Linux kernel--memory management

Last Update:2017-04-27 Source: Internet

Author: User

Tags modifier

Developer on Alibaba Coud: Build your first app with APIs, SDKs, and tutorials on the Alibaba Cloud. Read more ＞

Memory ManagementPage

The kernel takes physical pages as the basic unit of memory management. The Memory Management unit (MMU, which manages memory and translates virtual addresses into physical addresses) is typically processed in pages. The MMU manages page tables in the system in page size.

From the point of view of virtual memory, the page is the smallest unit.

32-bit system: Page size 4KB

64-bit system: Page size 8KB

On a machine that supports 4KB page size and has 1GB of physical memory. The physical memory is divided into 262,144 pages.

The kernel uses a struct page structure to represent every physical page in the system.

struct Page {

page_flags_t flags; /* indicates the status of the page. Each one represents a state * /

atomic_t _count; /* The reference count of the page is stored,0 is not referenced * /

atomic_t _mapcount;

unsigned long private;

Strcut Address_space *mapping;

pgoff_t index;

struct List_head LRU;

void *virtual; /* page in virtual memory address, Dynamic mapping physical page * /

}

Below, let's explain the important fields below.

Flags: This field is used to store the state of the page. These states contain pages that are not dirty and are not locked in memory medium. Each of the flags represents a state individually. So, it can at least represent 32 different states at the same time.

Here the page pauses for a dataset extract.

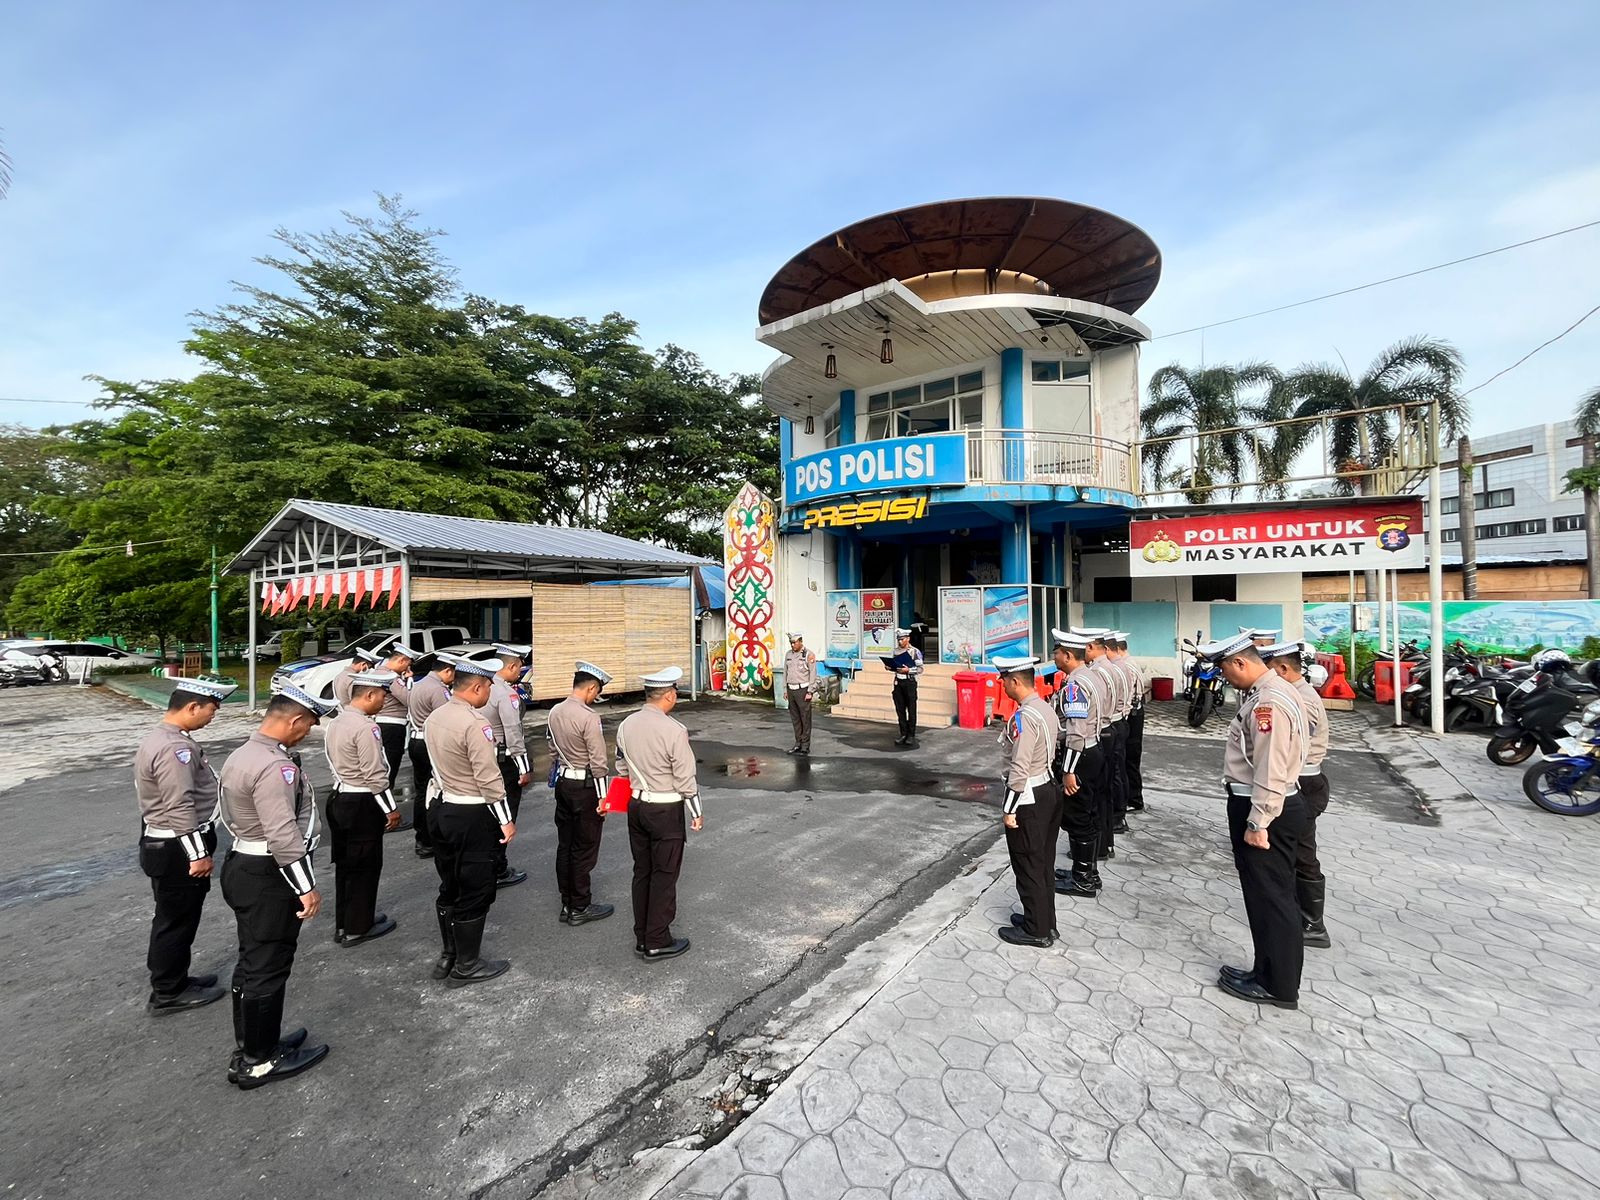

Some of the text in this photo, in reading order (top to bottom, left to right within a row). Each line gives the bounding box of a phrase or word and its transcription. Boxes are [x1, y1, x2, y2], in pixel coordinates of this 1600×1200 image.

_count: This field holds the page's usage count, which is how many times the page has been referenced. Very strange. When the technical value becomes-1, it means that the current kernel does not reference this page. So, you can use it in a new assignment, and note that this field uses 1 for unused, not 0.

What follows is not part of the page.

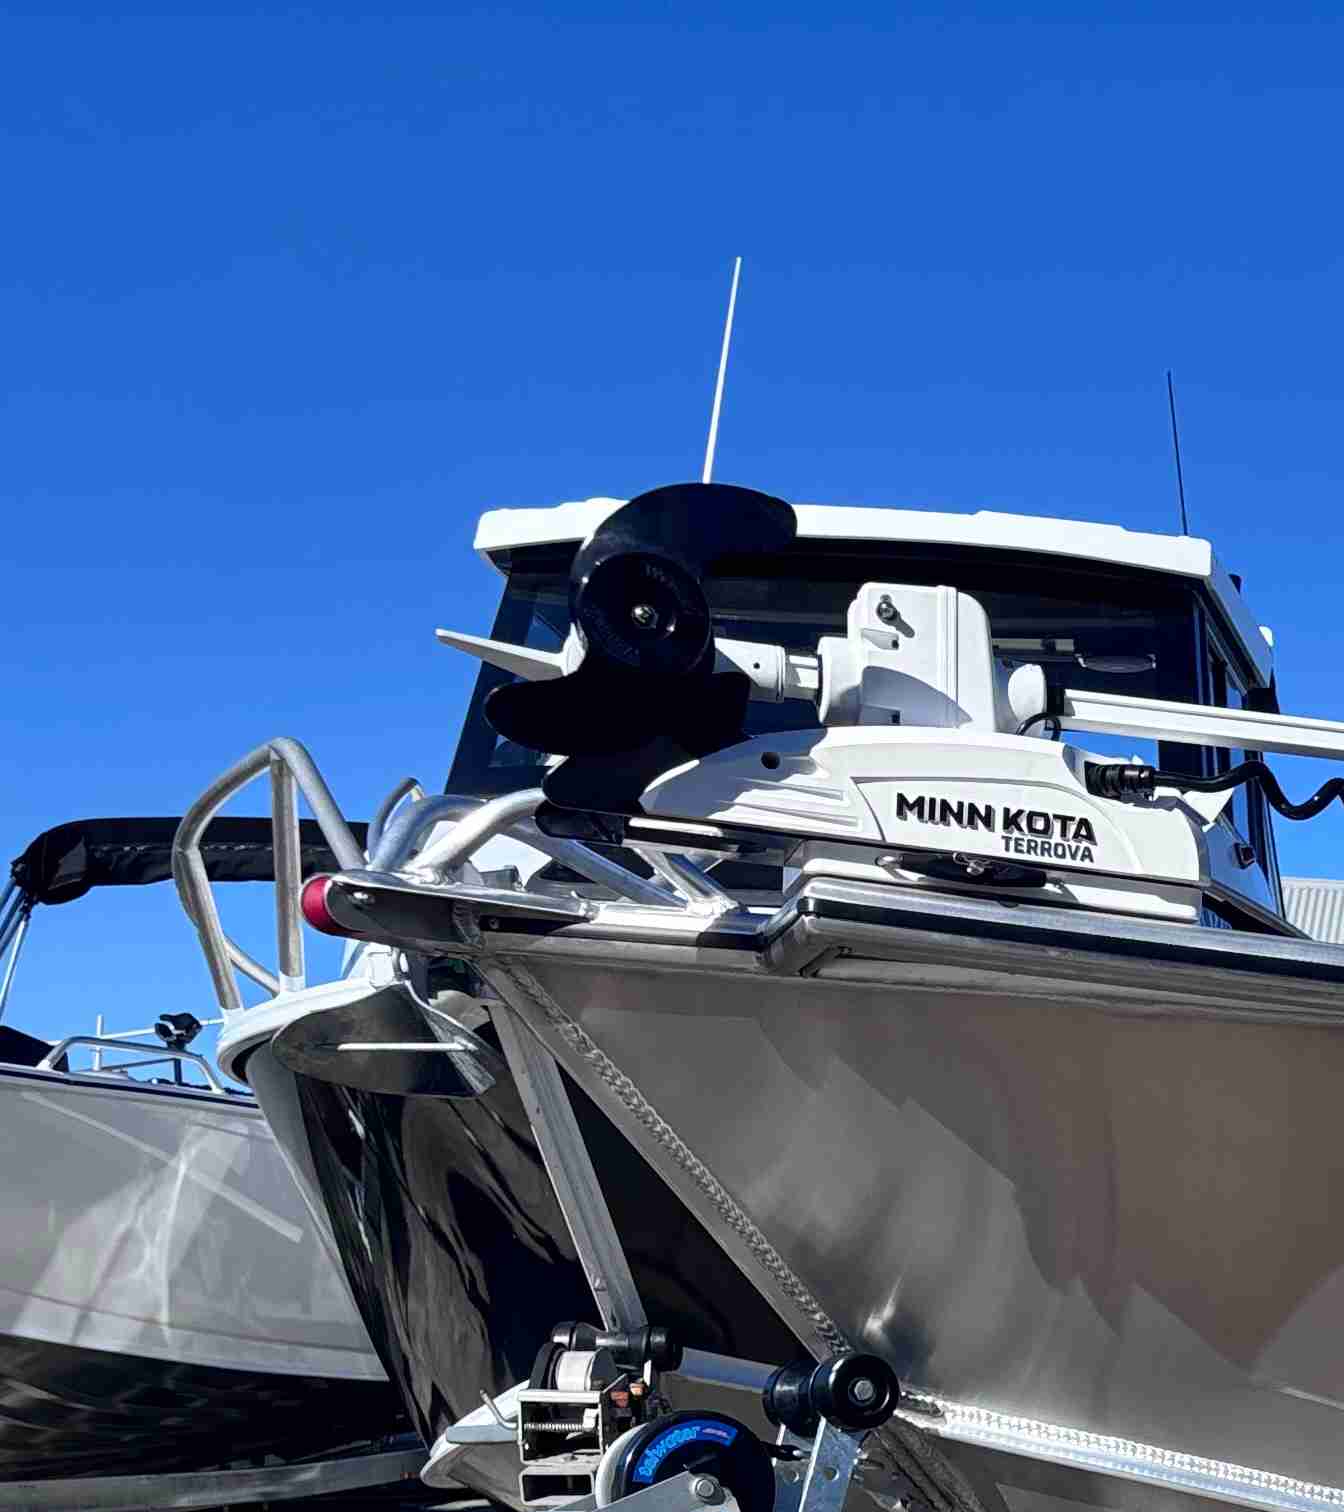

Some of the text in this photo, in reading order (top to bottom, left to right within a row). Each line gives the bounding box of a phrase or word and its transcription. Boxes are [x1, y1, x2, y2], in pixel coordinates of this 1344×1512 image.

Vsan: This field is the virtual address of the page.

Mapping: This field points to the Address_space object associated with this page.

Private: This can be seen by name, which points to private data.

The kernel manages all the pages in the system through this data structure. Because the kernel needs to know whether a page is spare, who owns the page. The owner may be: User space process, dynamically allocated kernel data, static kernel code, page cache, and so on. Each physical page in the system is allocated such a structure for memory management.

Area

Because of hardware limitations, the kernel does not treat all pages equally. Linux must handle memory addressing issues such as the following two due to hardware deficiencies:

1 Some hardware can only run with some specific memory address DMA (Direct memory interview).

2 some architectures have a much larger physical addressing range than the virtual addressing range of their memory.

In this way, there is some memory that cannot be permanently mapped to the kernel space.

Because of this limitation, the kernel divides pages with similar characteristics into different zones (zone):

1) zone_dma--This area includes pages that can be used to run DMA operations.

2) zone_normal--This area includes the ability to map pages normally.

3) zone_dma32--, only can be interviewed by 32 devices

4) zone_highmem--This area includes "high-end Memory", in which the pages can not be permanently mapped to the kernel address space.

Linux divides the system's pages into zones, forming different pools of memory so that they can be allocated based on usage.

Attention. The division of the district has no physical significance whatsoever. This is just a logical grouping of the kernel for managing pages. The memory used for DMA must be allocated from the ZONE_DMA. But general-purpose memory can be allocated from ZONE_DMA, but also from Zone_normal.

Get page

The kernel provides an underlying mechanism for requesting memory and provides several interfaces to access it. All of these interfaces allocate memory in page units. Defined in <linux/gfp.h>.

The core functions are:

Structpage *alloc_pages (unsigned int gfp_mask, unsigned int order);

The function assigns 2order contiguous physical pages and returns a pointer to the page structure of the first sheet, assuming that an error returns null.

Void*page_address (struct page *page);

Converts the given page to its logical address. Suppose you don't need to use a struct page. Ability to invoke:

Unsignedlong __get_free_pages (unsigned int gfp_mask, unsigned int order);

This function is the same as alloc_pages, except that it returns the logical address of the requested first page directly. Because the page is contiguous, the other pages are followed.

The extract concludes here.